The third candidate in the race is Connie Brennan, Democrat and long-time Nelson County Supervisor. She ran unsuccessfully for the same seat in 2007. Disclaimer: I’ve given money to her campaign, and she is a friend.

County Police Settle with Gerry Mitchell

Albemarle County has settled Gerry Mitchell’s lawsuit against them, the Progress reports. He filed suit two years ago after a 2007 incident in which he was struck by a county police officer’s patrol vehicle while crossing the street in his wheelchair, leaving him hospitalized and with permanent injuries. The value of the settlement is not public. Officer Gregory Davis, who was driving the cruiser, remains on the police force.

James Halfaday Arrested

Erstwhile City Council candidate James Halfaday has been jailed on four counts of election fraud, according to a press release from the Commonwealth Attorney’s office:

The charges allege Mr. Halfaday used a false address when he certified his candidacy for City Council with the General Registrar for the City of Charlottesville.

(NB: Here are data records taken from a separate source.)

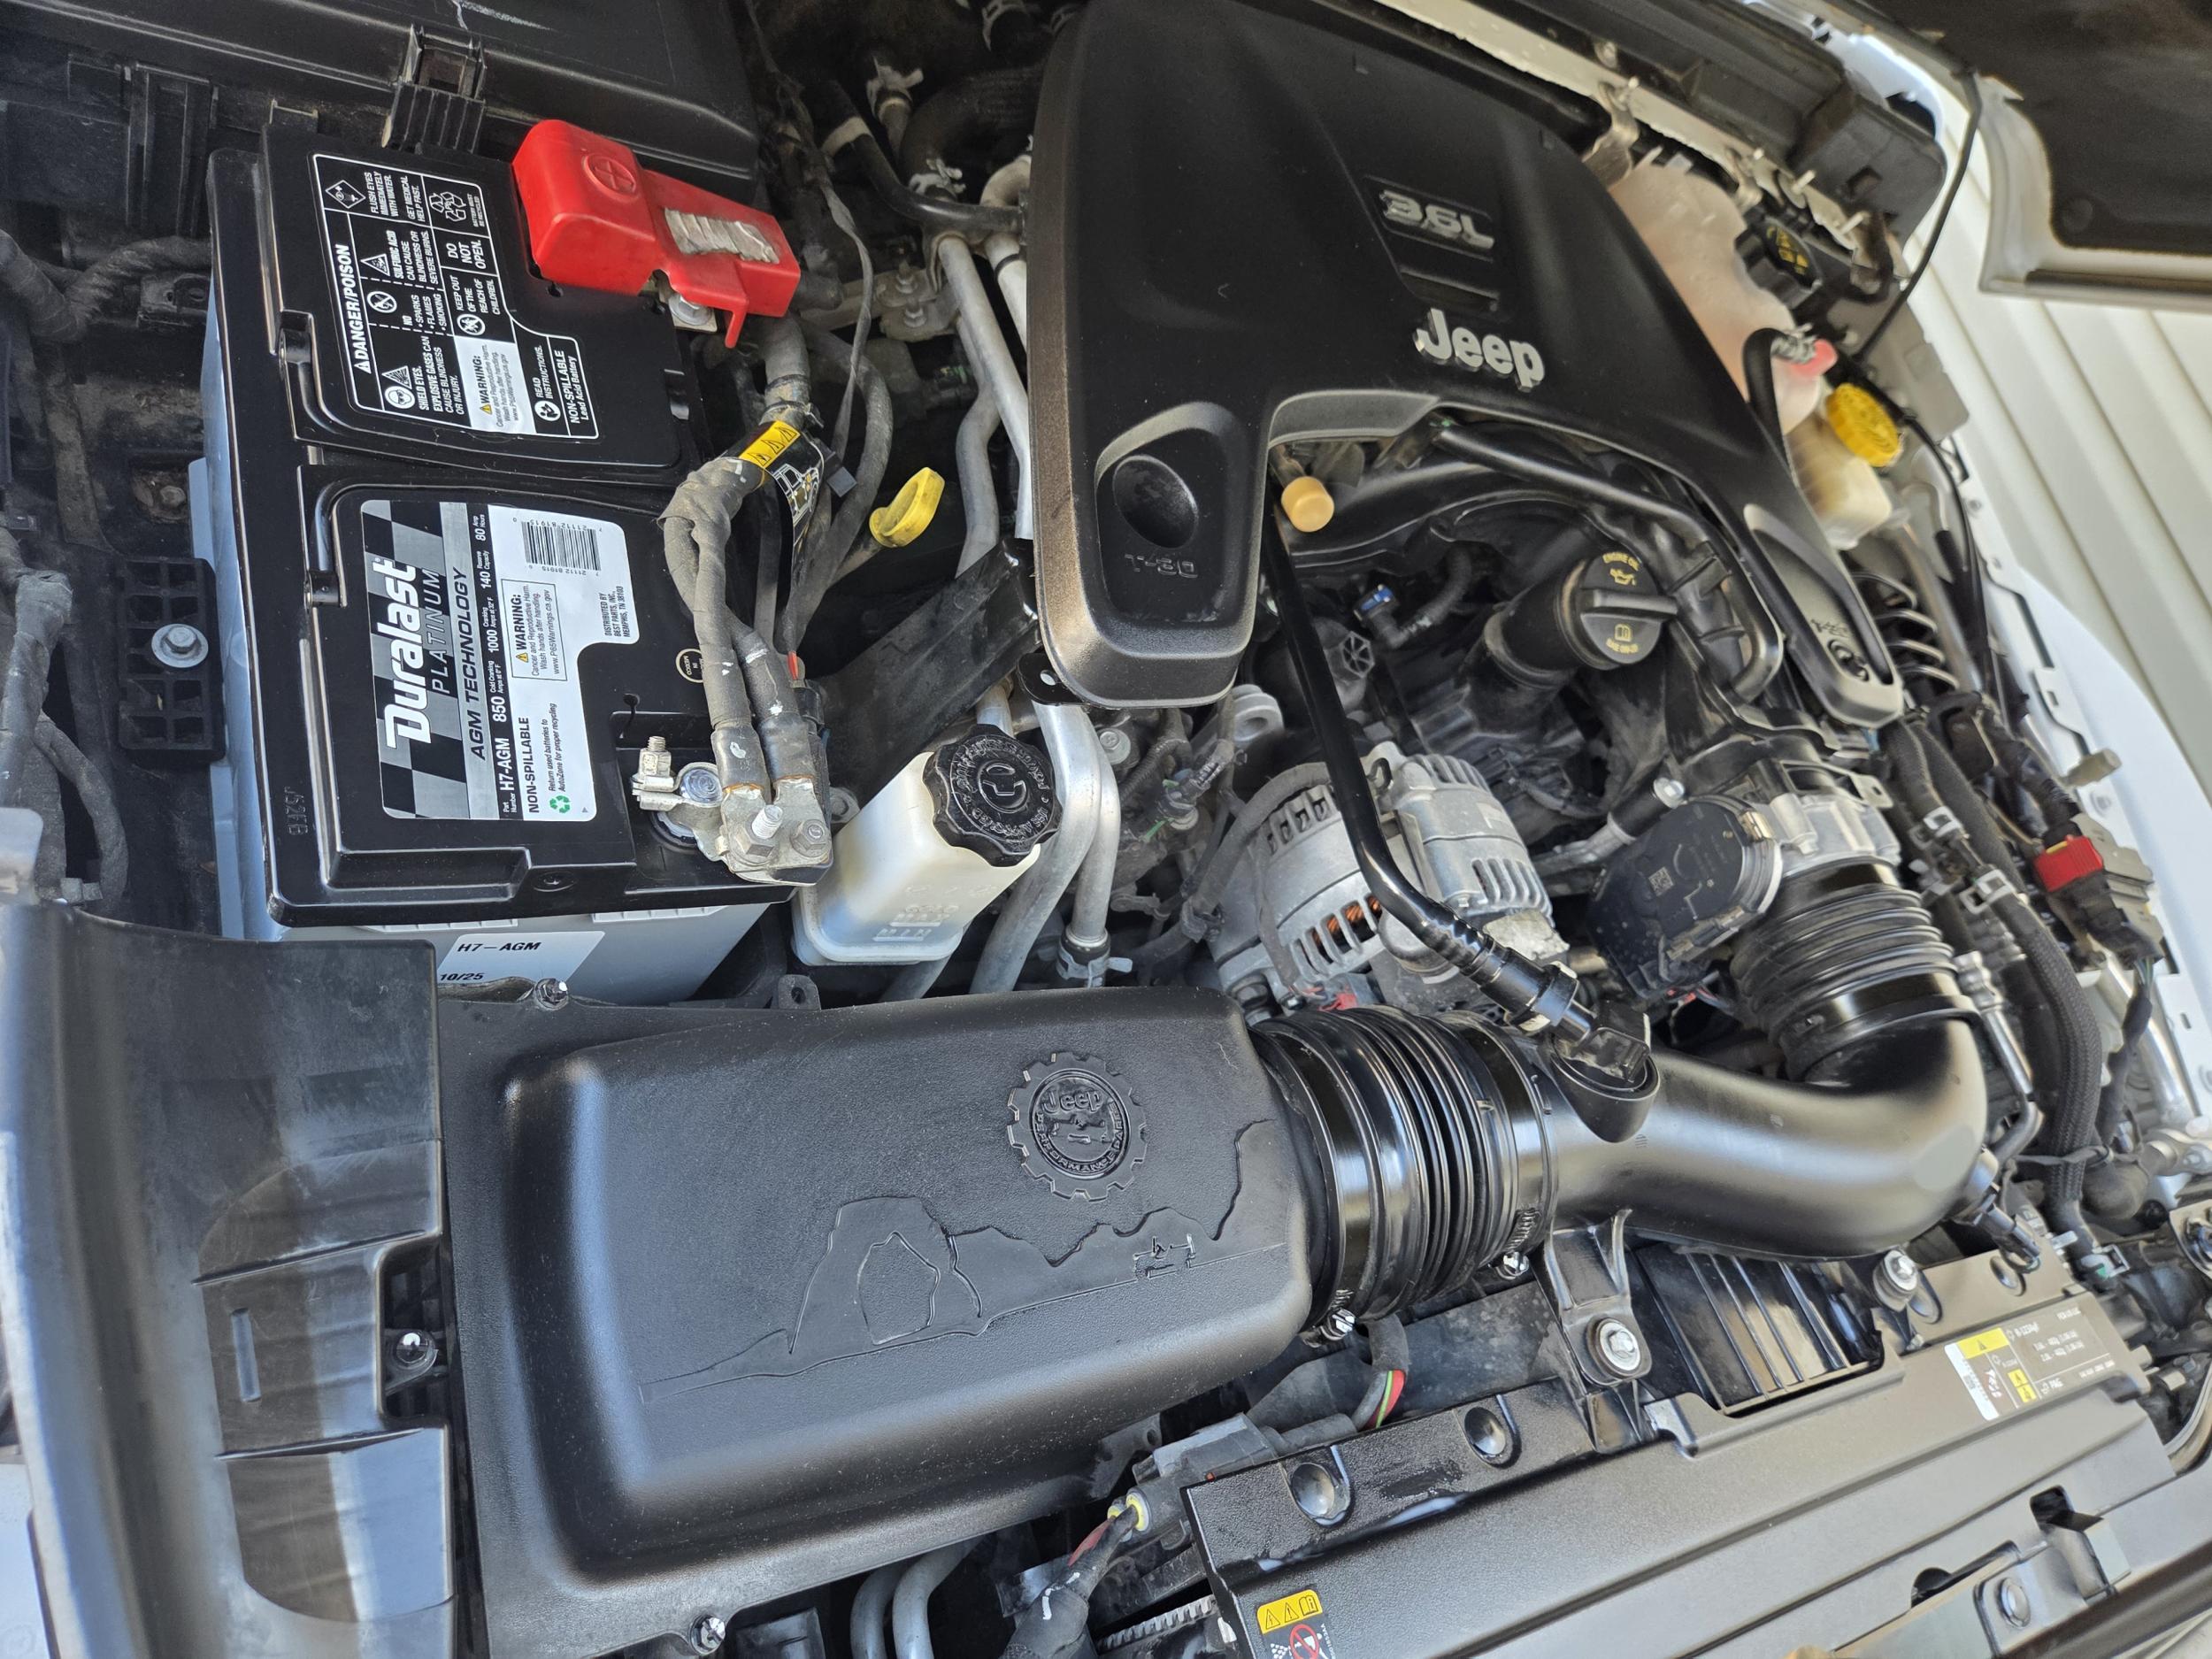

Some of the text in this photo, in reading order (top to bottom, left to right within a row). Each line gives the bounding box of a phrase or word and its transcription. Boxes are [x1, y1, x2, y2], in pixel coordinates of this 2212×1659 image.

[365, 172, 379, 213] FLUSH EYES
[373, 171, 389, 215] IMMEDIATELY
[400, 176, 415, 219] GET MEDICAL
[388, 200, 399, 217] WITH
[416, 204, 426, 222] HELP
[386, 230, 404, 279] SULFURIC ACID
[401, 241, 416, 280] CAN CAUSE
[411, 231, 426, 282] BLINDNESS OR
[446, 242, 458, 258] DO
[458, 242, 472, 264] NOT
[471, 240, 487, 269] OPEN.
[426, 256, 439, 284] SEVERE
[335, 243, 369, 359] DANGER/POISON
[449, 274, 464, 311] KEEP OUT
[465, 287, 476, 312] OF THE
[474, 278, 488, 313] REACH OF
[402, 316, 413, 326] NO
[1413, 307, 1545, 393] Jeep
[420, 336, 443, 412] EXPLOSIVE GASES CAN
[434, 346, 454, 413] CAUSE BLINDNESS
[472, 355, 490, 403] WARNING:
[485, 361, 496, 396] Reproductive
[534, 345, 553, 399] INSTRUCTIONS.
[416, 385, 430, 411] SHIELD
[533, 377, 544, 398] READ
[555, 349, 580, 424] NON-SPILLABLE
[567, 356, 589, 420] Lead Acid Battery
[455, 403, 465, 415] OR
[491, 396, 500, 407] and
[495, 408, 503, 427] Cancer
[474, 528, 486, 541] 80
[1602, 552, 1640, 572] ENGINE OIL
[480, 571, 492, 589] 140
[616, 586, 626, 603] 38103
[511, 594, 527, 650] WARNING:
[525, 603, 535, 641] Reproductive
[600, 601, 612, 636] DISTRIBUTED
[610, 604, 619, 623] PARTS,
[620, 611, 631, 637] MEMPHIS,
[422, 569, 450, 694] PLATINUM
[487, 630, 499, 653] 1000
[537, 633, 546, 651] hands
[543, 589, 560, 674] www.P65Warnings.ca.gov
[611, 623, 621, 637] BEST
[373, 559, 432, 749] Duralast
[528, 642, 537, 654] and
[452, 566, 486, 761] AGM TECHNOLOGY
[531, 655, 540, 676] Cancer
[683, 656, 692, 676] MEXICO
[490, 695, 507, 723] 850
[542, 727, 552, 753] batteries
[549, 703, 565, 792] AutoZone for proper recycling
[495, 737, 515, 791] H7-AGM
[518, 717, 540, 813] NON-SPILLABLE
[544, 754, 553, 770] used
[546, 771, 556, 792] Return
[440, 972, 485, 981] 10/25
[1042, 1089, 1104, 1114] Jeep
[1035, 1113, 1117, 1173] PERFORMANCE
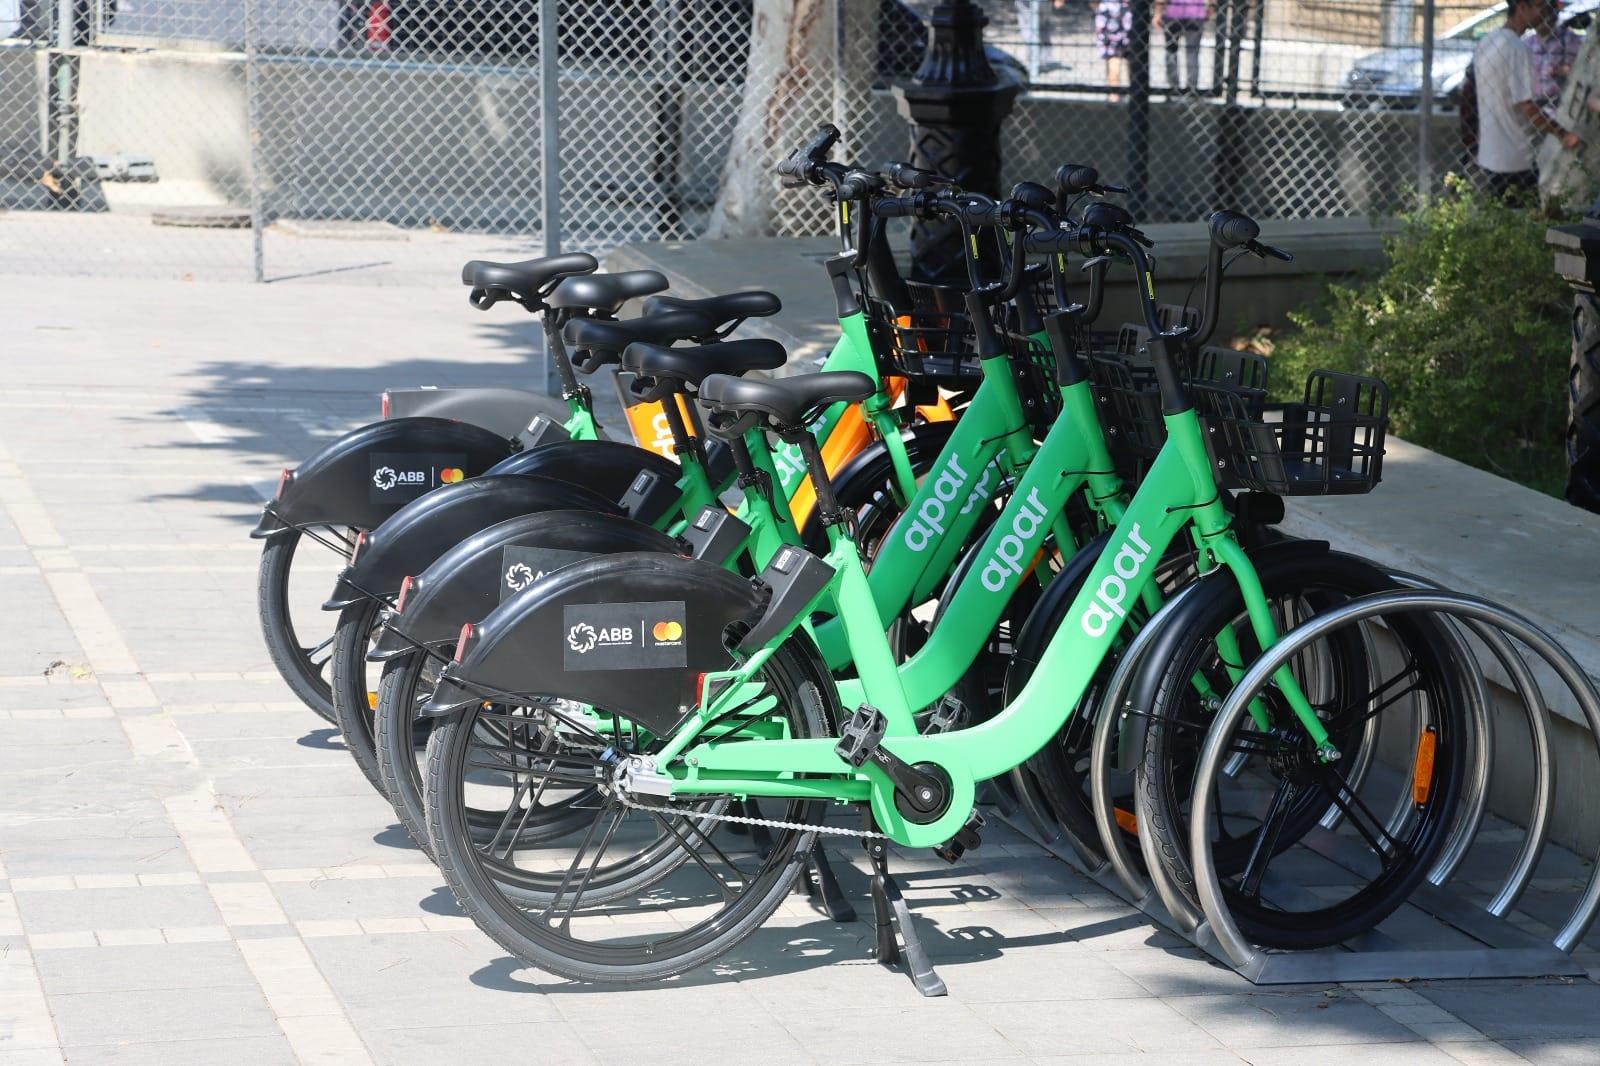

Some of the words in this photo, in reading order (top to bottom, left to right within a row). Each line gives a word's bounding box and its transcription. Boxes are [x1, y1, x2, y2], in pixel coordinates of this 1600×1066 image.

[397, 471, 426, 482] ABB
[904, 451, 968, 552] apar
[980, 486, 1049, 593] apar
[1080, 521, 1152, 638] apar
[598, 627, 633, 642] ABB

While the investigation has revealed that Mr. Halfaday is not now nor was he ever an owner of Snap Fitness, Mr. Halfaday has not been charged with an offense related to this false statement at this time. The form filed by Mr. Halfaday did not contain certain language required by the Code of Virginia. As a result, election fraud charges concerning Mr. Halfaday’s statement of economic interest are unlikely.

It’s such an irony that Halfaday apparently so bungled his statement of economic interest that he may have accidentally prevented himself from being charged for lying within it. According to the Progress, the economic interest form failed to have the legally required warning that candidates aren’t allowed to lie.

None of this news is any surprise, of course: questions have been raised about Halfaday’s candidacy since shortly after he came in last place in the race for the Democratic nomination for City Council in August.

5:45pm Update: Lisa Provence has detailed coverage in The Hook. Halfaday was released from jail this afternoon, and is due in court tomorrow.

The Real History of Fellini’s

In 1994—the year that Fellini’s shut down—I was sixteen years old. That was the summer that I started to spend all of my waking hours downtown, and I knew Fellini’s only as something legendary that I’d just missed taking part in. The restaurant’s reputation for debauchery and its position as a hub of the downtown social scene were and remain legendary, but it’s remained in the realm of oral tradition until recently. Over the past two weeks, C-Ville Weekly has published a two-part series of J. Tobias Beard, “The (Mostly) True Story of Fellini’s” and Here’s Looking at You, Chief.” I found these to be fascinating reads, and learned both that Fellini’s was far more interesting than I’d ever known and that, if I had been able to hang out there, my parents probably should have been investigated by social services. I’m tempted to summarize the story here, to pique your interest, but I couldn’t possibly. It’s got sex, drugs, murder, crime, and a whole lot more, and concludes with Beard tracking down Chief Gordon in L.A.

This is the sort of story that, I’ve found, is a sort of a litmus test. One group of people will find this terribly exciting, and another will find it exhausting and self-indulgent. Chalk me up as an enthusiastic member of the former.